Bristol24-7 was sold to Dougal Templeton and Mike Bennett and a new publication, Bristol24/7, was launched as a community interest company in 2014. Writers from the former Venue Magazine, Spark Magazine and online magazine Bristol Culture joined the company. Editor of Bristol Culture, Martin Booth, joined as co-editor of Bristol24/7 and became editor in November 2014.

In 2018, Bristol24/7 launched a membership model for individuals and businesses to help support their social impact projects. Bristol24/7 reached 1,000 individual supporter members in September 2024 and currently has a network of around 60 businesses in their Better Business community. Members are rewarded for their support with perks, including free pints of Bristol Beer Factory draught products, at businesses around the city.

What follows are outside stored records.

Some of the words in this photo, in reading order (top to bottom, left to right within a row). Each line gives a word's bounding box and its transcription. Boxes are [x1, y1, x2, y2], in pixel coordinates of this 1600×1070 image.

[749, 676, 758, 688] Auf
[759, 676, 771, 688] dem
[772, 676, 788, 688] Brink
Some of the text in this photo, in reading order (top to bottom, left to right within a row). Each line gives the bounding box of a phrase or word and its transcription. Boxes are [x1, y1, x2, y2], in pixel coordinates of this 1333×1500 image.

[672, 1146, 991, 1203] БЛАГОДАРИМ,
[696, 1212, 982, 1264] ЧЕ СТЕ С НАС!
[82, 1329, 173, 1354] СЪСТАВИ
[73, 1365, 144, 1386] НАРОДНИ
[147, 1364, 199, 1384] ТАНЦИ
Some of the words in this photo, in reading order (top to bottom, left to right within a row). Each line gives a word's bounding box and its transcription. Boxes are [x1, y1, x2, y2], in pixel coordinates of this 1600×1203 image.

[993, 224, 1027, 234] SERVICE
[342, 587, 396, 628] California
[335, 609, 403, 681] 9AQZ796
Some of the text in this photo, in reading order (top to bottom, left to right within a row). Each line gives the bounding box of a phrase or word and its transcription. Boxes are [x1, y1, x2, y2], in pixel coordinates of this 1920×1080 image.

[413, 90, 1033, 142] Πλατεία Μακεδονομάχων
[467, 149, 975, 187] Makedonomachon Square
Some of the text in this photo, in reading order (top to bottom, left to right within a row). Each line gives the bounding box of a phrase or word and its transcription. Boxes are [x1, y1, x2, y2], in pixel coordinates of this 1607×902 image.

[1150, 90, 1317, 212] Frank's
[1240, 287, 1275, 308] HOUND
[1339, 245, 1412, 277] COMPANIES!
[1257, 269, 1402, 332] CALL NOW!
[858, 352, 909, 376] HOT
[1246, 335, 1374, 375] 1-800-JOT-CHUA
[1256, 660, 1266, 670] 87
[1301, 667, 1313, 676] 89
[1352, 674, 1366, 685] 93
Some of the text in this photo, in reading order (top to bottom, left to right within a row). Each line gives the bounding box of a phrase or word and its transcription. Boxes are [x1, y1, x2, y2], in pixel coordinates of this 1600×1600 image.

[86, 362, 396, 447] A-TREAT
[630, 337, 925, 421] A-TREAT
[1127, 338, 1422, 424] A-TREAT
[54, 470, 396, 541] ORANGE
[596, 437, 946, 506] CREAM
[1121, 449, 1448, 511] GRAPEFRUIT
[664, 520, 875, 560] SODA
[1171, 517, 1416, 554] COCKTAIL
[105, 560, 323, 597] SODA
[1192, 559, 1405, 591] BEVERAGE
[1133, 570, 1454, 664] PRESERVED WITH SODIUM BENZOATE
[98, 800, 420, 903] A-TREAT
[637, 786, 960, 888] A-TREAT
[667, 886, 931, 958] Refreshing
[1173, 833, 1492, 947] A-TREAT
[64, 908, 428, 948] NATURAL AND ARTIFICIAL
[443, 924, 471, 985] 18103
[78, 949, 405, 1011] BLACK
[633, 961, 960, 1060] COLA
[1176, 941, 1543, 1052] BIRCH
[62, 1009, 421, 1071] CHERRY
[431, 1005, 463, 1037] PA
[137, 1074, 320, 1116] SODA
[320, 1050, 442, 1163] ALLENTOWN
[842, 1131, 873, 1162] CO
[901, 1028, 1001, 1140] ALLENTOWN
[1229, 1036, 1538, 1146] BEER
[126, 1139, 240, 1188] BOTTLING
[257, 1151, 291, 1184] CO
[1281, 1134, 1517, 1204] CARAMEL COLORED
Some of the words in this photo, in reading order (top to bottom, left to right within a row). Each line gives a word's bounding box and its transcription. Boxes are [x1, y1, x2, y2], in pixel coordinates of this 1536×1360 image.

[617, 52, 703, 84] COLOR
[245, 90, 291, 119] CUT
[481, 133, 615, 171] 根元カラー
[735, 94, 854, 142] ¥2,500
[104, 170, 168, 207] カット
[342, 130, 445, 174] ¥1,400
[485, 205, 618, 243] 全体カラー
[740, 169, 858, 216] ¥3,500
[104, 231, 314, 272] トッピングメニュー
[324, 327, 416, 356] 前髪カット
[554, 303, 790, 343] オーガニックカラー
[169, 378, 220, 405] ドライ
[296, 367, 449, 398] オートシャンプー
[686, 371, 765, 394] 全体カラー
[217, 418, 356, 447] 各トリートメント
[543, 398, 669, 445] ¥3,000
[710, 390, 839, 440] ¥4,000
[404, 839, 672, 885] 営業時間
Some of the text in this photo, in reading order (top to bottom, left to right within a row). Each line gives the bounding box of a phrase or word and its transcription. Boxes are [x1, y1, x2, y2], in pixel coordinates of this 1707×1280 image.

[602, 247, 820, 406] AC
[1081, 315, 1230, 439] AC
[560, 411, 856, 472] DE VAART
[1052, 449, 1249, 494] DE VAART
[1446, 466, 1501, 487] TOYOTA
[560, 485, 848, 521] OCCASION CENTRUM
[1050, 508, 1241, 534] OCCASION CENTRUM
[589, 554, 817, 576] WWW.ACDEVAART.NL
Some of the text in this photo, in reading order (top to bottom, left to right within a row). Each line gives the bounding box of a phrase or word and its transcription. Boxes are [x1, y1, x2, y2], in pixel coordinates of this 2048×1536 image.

Now based at Tobacco Factory, Raleigh Road, Bristol24/7 publishes content seven days a week from freelance journalists and bloggers from around the city. In 2023 Bristol24/7 was voted one of the top 100 social enterprises in the UK in the NatWest SE100 Index and was also shortlisted for Future Leap's sustainability award for communicating the climate emergency.

As a community interest company, Bristol24/7 runs projects with charities and community groups around Bristol to make the city a better place. They run projects around three core aims: amplifying marginalised voices, creating opportunities for young people and empowering environmental projects.

Sections include news, business, comment, what's on, food and drink, lifestyle and culture.